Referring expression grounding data
BEGIN
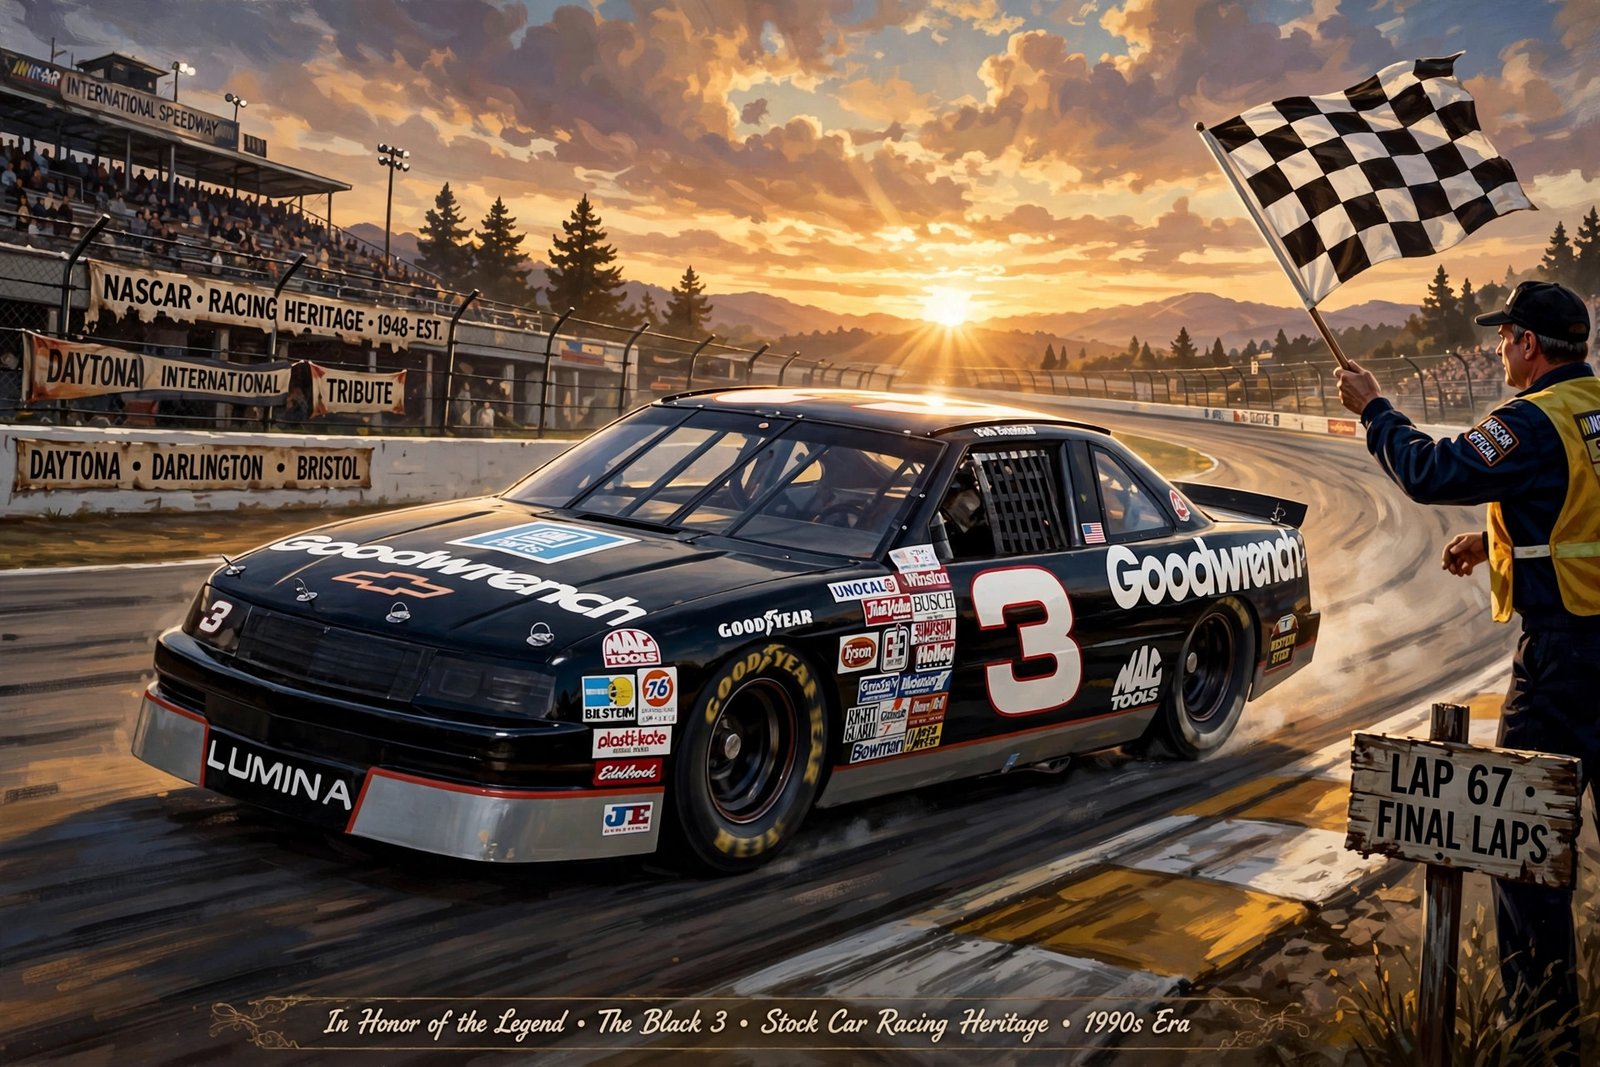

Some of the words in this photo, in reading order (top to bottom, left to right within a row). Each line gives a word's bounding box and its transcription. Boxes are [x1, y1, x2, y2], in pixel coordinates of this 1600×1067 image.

[66, 76, 155, 118] INTERNATIONAL
[159, 104, 219, 136] SPEEDWAY
[104, 274, 192, 310] NASCAR
[208, 288, 277, 321] RACING
[284, 300, 364, 332] HERITAGE
[377, 314, 443, 341] 1948-EST.
[46, 348, 140, 388] DAYTONA
[160, 364, 281, 394] INTERNATIONAL
[326, 377, 394, 405] TRIBUTE
[1482, 418, 1513, 449] NASCAR
[29, 449, 121, 481] DAYTONA
[151, 452, 263, 481] DARLINGTON
[296, 454, 361, 481] BRISTOL
[268, 534, 647, 627] Goodwrench
[904, 572, 950, 588] Winston
[1106, 527, 1303, 610] Goodwrench
[832, 580, 886, 598] UNOCAL
[912, 592, 955, 613] BUSCH
[199, 600, 233, 633] 3
[606, 630, 657, 654] MAC
[844, 644, 872, 664] Tyson
[973, 566, 1082, 717] 3
[607, 652, 657, 664] TOOLS
[1112, 645, 1163, 696] MAC
[645, 676, 670, 700] 76
[1110, 687, 1159, 711] TOOLS
[852, 739, 904, 762] Bowman
[207, 739, 353, 811] LUMINA
[1390, 752, 1454, 799] LAP
[1467, 763, 1513, 808] 67
[605, 804, 651, 828] JE
[1376, 799, 1461, 850] FINAL
[1472, 815, 1548, 864] LAPS
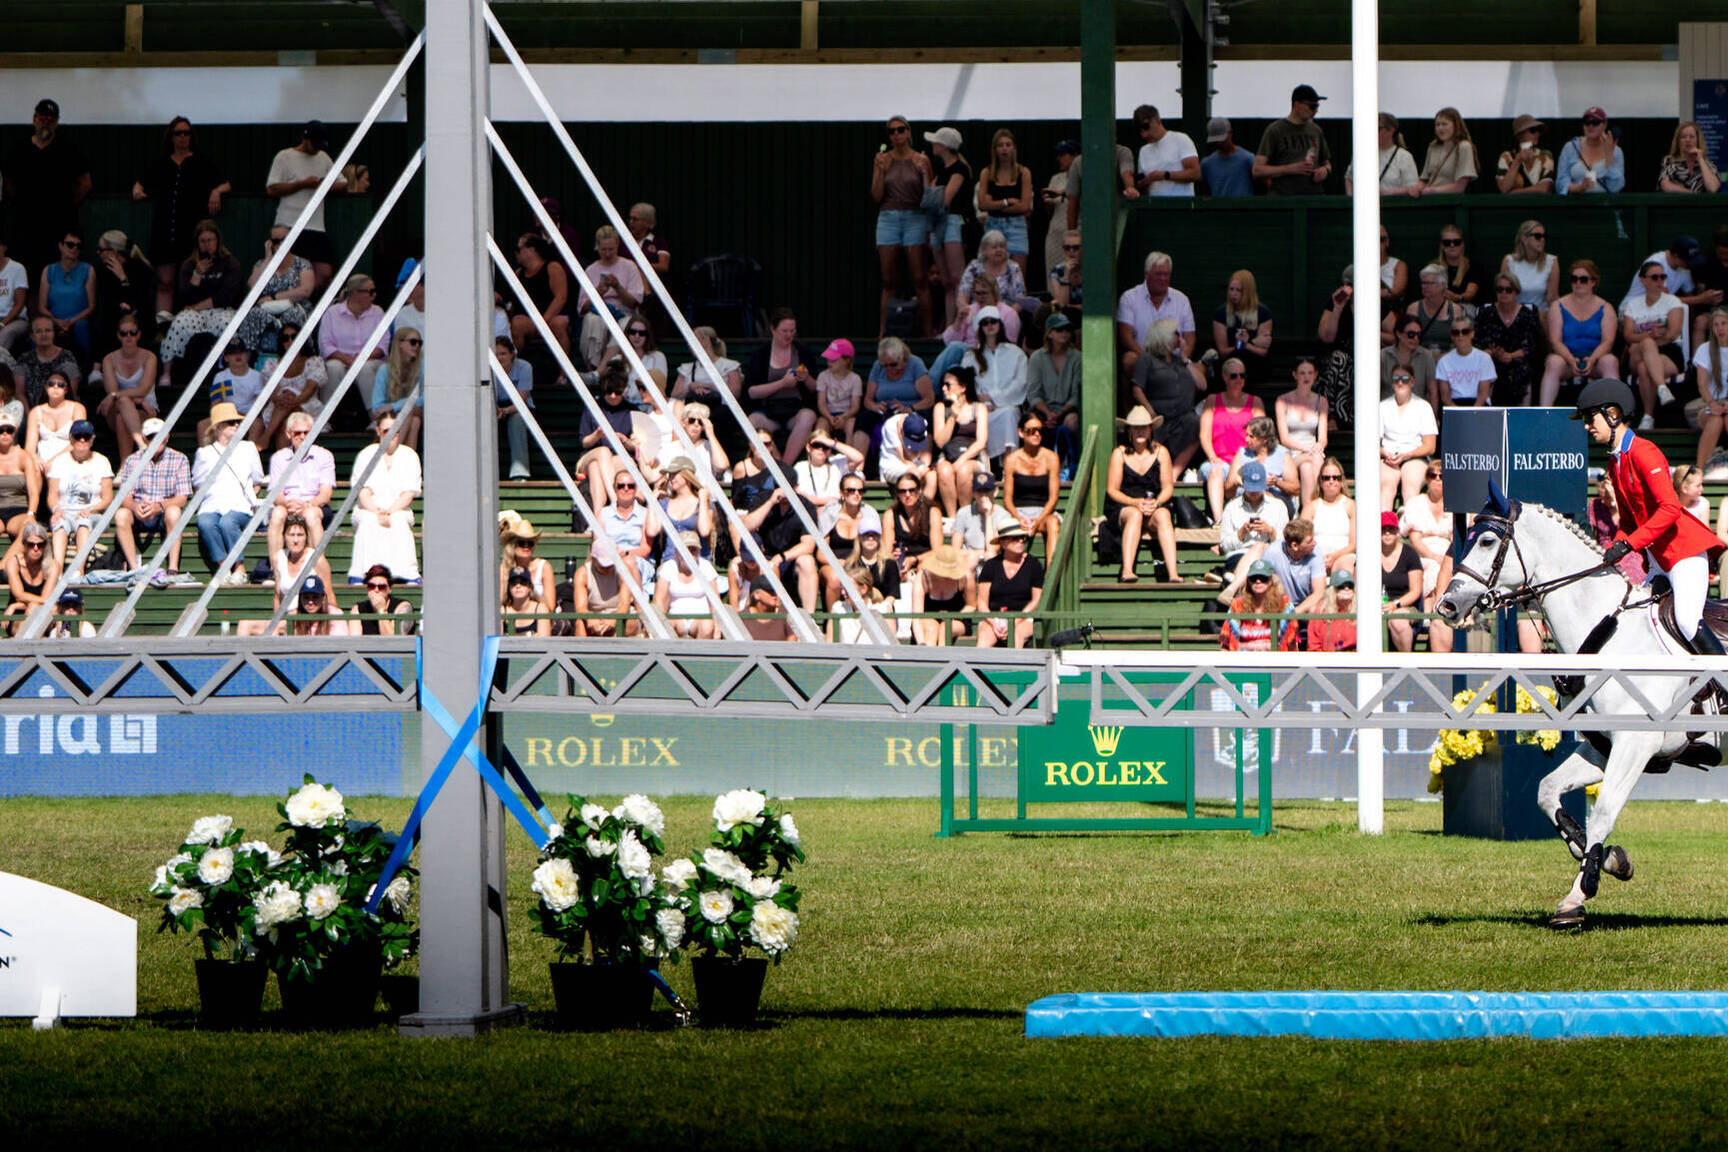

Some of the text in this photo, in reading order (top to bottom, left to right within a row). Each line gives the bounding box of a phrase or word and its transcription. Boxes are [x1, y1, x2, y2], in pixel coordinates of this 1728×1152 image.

[1444, 452, 1500, 471] FALSTERBO
[1513, 452, 1585, 470] FALSTERBO
[0, 684, 102, 755] ria
[524, 736, 681, 768] ROLEX
[884, 737, 1018, 767] ROLE
[1044, 761, 1168, 786] ROLEX
END
Print the data above exactly; drop every picture.

Written solution >>
Some of the words in this photo, in reading order (top to bottom, left to right within a row). Each line gives a word's bounding box and its transcription. Boxes are [x1, y1, x2, y2], in pixel coordinates of this 1600×1067 image.

[66, 76, 155, 118] INTERNATIONAL
[159, 104, 219, 136] SPEEDWAY
[104, 274, 192, 310] NASCAR
[208, 288, 277, 321] RACING
[284, 300, 364, 332] HERITAGE
[377, 314, 443, 341] 1948-EST.
[46, 348, 140, 388] DAYTONA
[160, 364, 281, 394] INTERNATIONAL
[326, 377, 394, 405] TRIBUTE
[1482, 418, 1513, 449] NASCAR
[29, 449, 121, 481] DAYTONA
[151, 452, 263, 481] DARLINGTON
[296, 454, 361, 481] BRISTOL
[268, 534, 647, 627] Goodwrench
[904, 572, 950, 588] Winston
[1106, 527, 1303, 610] Goodwrench
[832, 580, 886, 598] UNOCAL
[912, 592, 955, 613] BUSCH
[199, 600, 233, 633] 3
[606, 630, 657, 654] MAC
[844, 644, 872, 664] Tyson
[973, 566, 1082, 717] 3
[607, 652, 657, 664] TOOLS
[1112, 645, 1163, 696] MAC
[645, 676, 670, 700] 76
[1110, 687, 1159, 711] TOOLS
[852, 739, 904, 762] Bowman
[207, 739, 353, 811] LUMINA
[1390, 752, 1454, 799] LAP
[1467, 763, 1513, 808] 67
[605, 804, 651, 828] JE
[1376, 799, 1461, 850] FINAL
[1472, 815, 1548, 864] LAPS

Some of the text in this photo, in reading order (top to bottom, left to right within a row). Each line gives the bounding box of a phrase or word and its transcription. Boxes are [x1, y1, x2, y2], in pixel coordinates of this 1728×1152 image.

[1444, 452, 1500, 471] FALSTERBO
[1513, 452, 1585, 470] FALSTERBO
[0, 684, 102, 755] ria
[524, 736, 681, 768] ROLEX
[884, 737, 1018, 767] ROLE
[1044, 761, 1168, 786] ROLEX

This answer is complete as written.